Thai Pumpkin and Coconut Soup
1 tablespoon vegetable oil
1 medium onion, chopped
2.5 lb butternut squash, or butternut pumpkin as some call it, peeled, chopped
.25 lb white baby potatoes, peeled, chopped
2 garlic cloves, crushed
1/4 cup Thai red curry paste or curry powder
2 1/2 cups chicken stock
400 ml can coconut milk
2 tablespoons unsalted roasted peanuts, finely chopped
2 tablespoons fresh coriander leaves, chopped
1 tbsp chives or green onion, finely chopped
2 teaspoons lime juice
Heat oil in a saucepan at medium-high heat. Cook onion, for 5 minutes or until softened, make sure to stir occasionally.

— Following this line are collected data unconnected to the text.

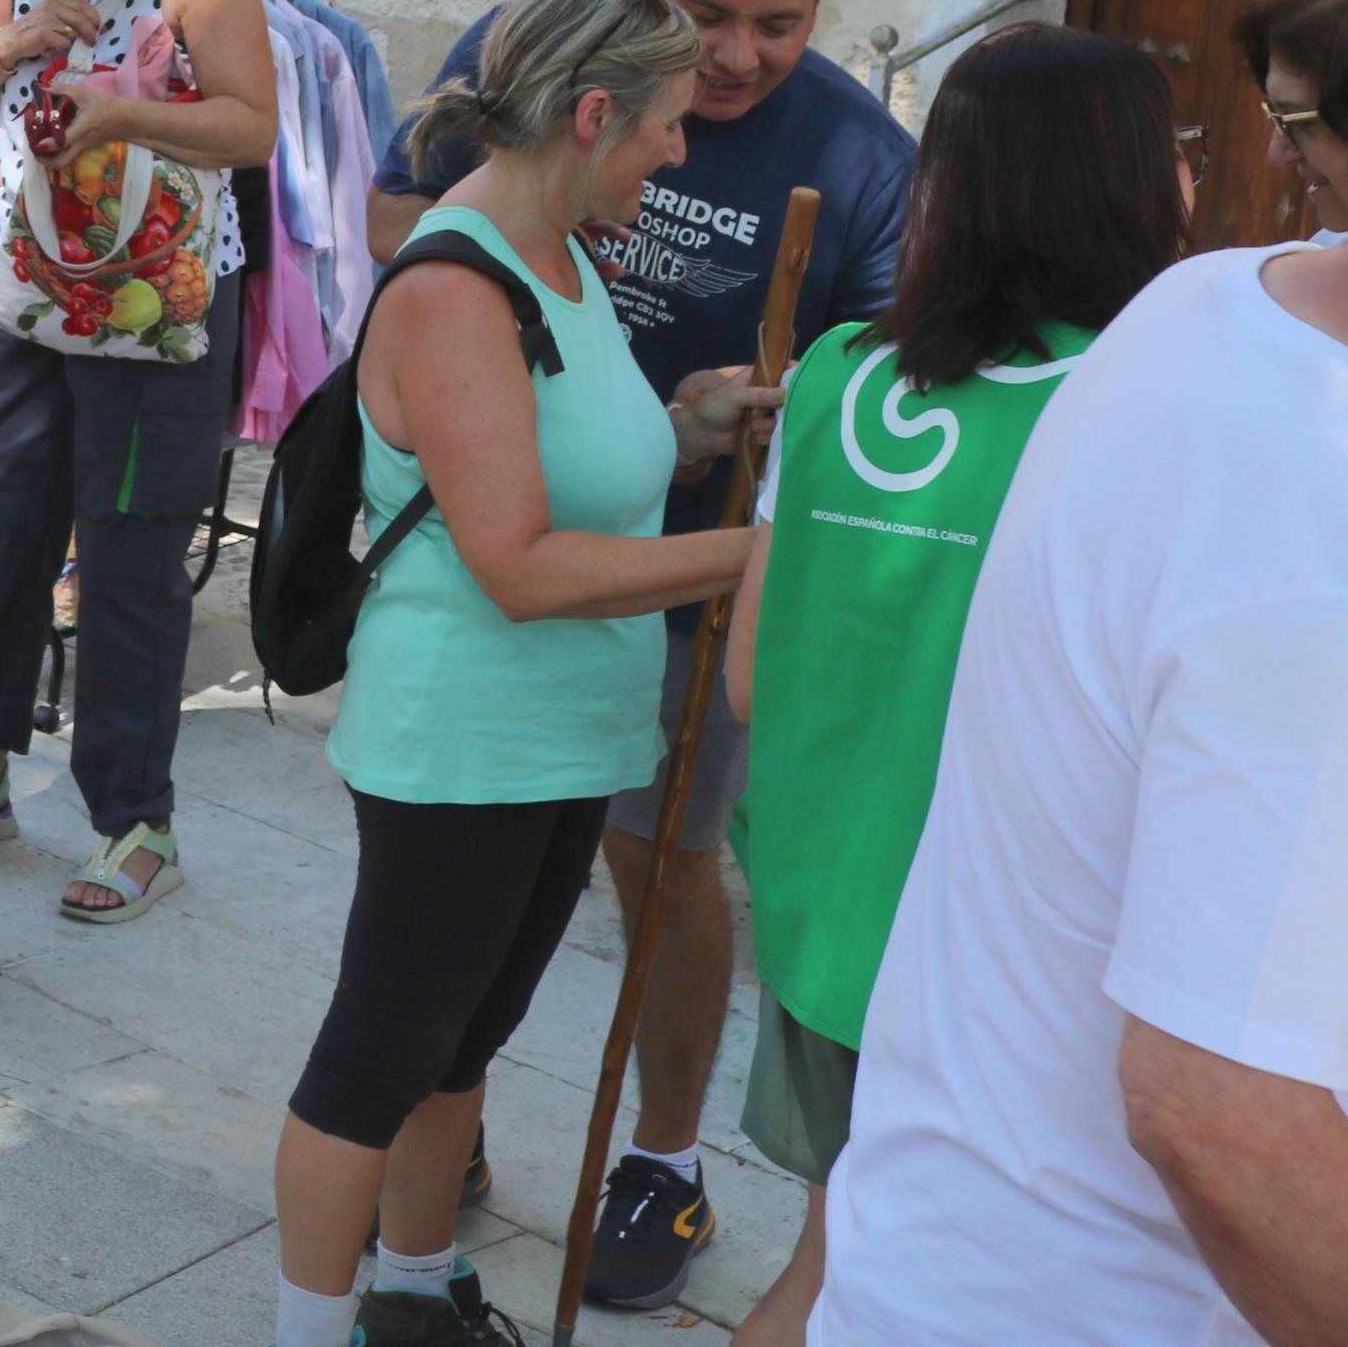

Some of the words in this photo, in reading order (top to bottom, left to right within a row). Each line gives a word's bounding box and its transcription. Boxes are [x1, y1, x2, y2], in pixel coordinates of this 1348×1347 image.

[598, 233, 684, 281] SERVICE
[609, 281, 657, 303] Pembroke
[658, 299, 667, 308] St
[848, 516, 891, 532] ESPAÑOLA
[893, 523, 925, 537] CONTRA
[927, 528, 939, 539] EL
[940, 529, 978, 546] CÁNCER

Add pumpkin and the potato to the pan and cook for about 5 minutes, stirring occasionally.
Add the garlic. and still cook, stirring for 1 minute or until fragrant.
Add the curry paste to pan and cook, stirring for about 2 minutes and the vegetables are coated all over.

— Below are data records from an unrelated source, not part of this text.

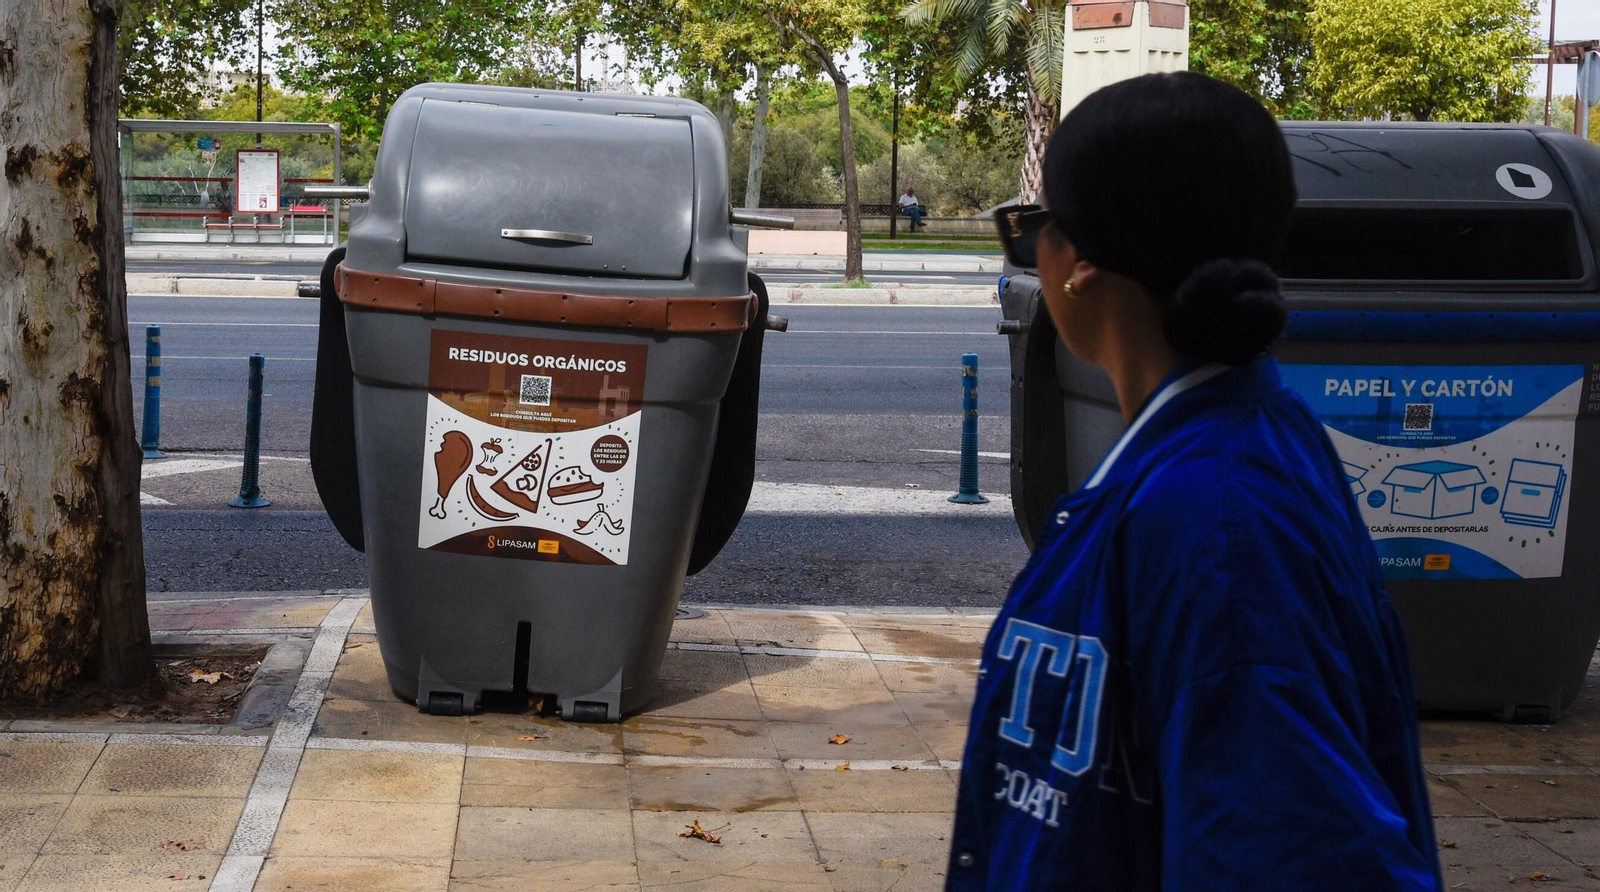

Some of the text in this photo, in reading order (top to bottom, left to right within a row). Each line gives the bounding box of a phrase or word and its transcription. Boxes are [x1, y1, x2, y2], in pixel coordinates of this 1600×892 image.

[449, 347, 627, 373] RESIDUOS ORGÁNICOS
[1324, 375, 1513, 397] PAPEL Y CARTÓN
[1370, 525, 1395, 533] CAJAS
[1433, 525, 1489, 533] DEPOSITARLAS
[496, 539, 536, 549] LIPASAM

Add the stock, stirring to combine. Cover and then bring to the boil.
Reduce heat to low and simmer for about 15 minutes.
Remove the lid and allow the mixture to simmer for a 20-25 minutes longer, or until the vegetables are tender.
Remove from heat. Stand for 5 minutes.
Blend soup until smooth using a stick blender then return to medium heat and stir in 1 cup coconut milk. Season with pepper.
Cook, stirring occasionally for 5 to 6 minutes or until heated through.
While soup cooks, combine peanuts, coriander, green onion and lime juice in a small bowl. Ladle soup into bowls and serve drizzled with remaining coconut milk and with peanut mixture sprinkled on top.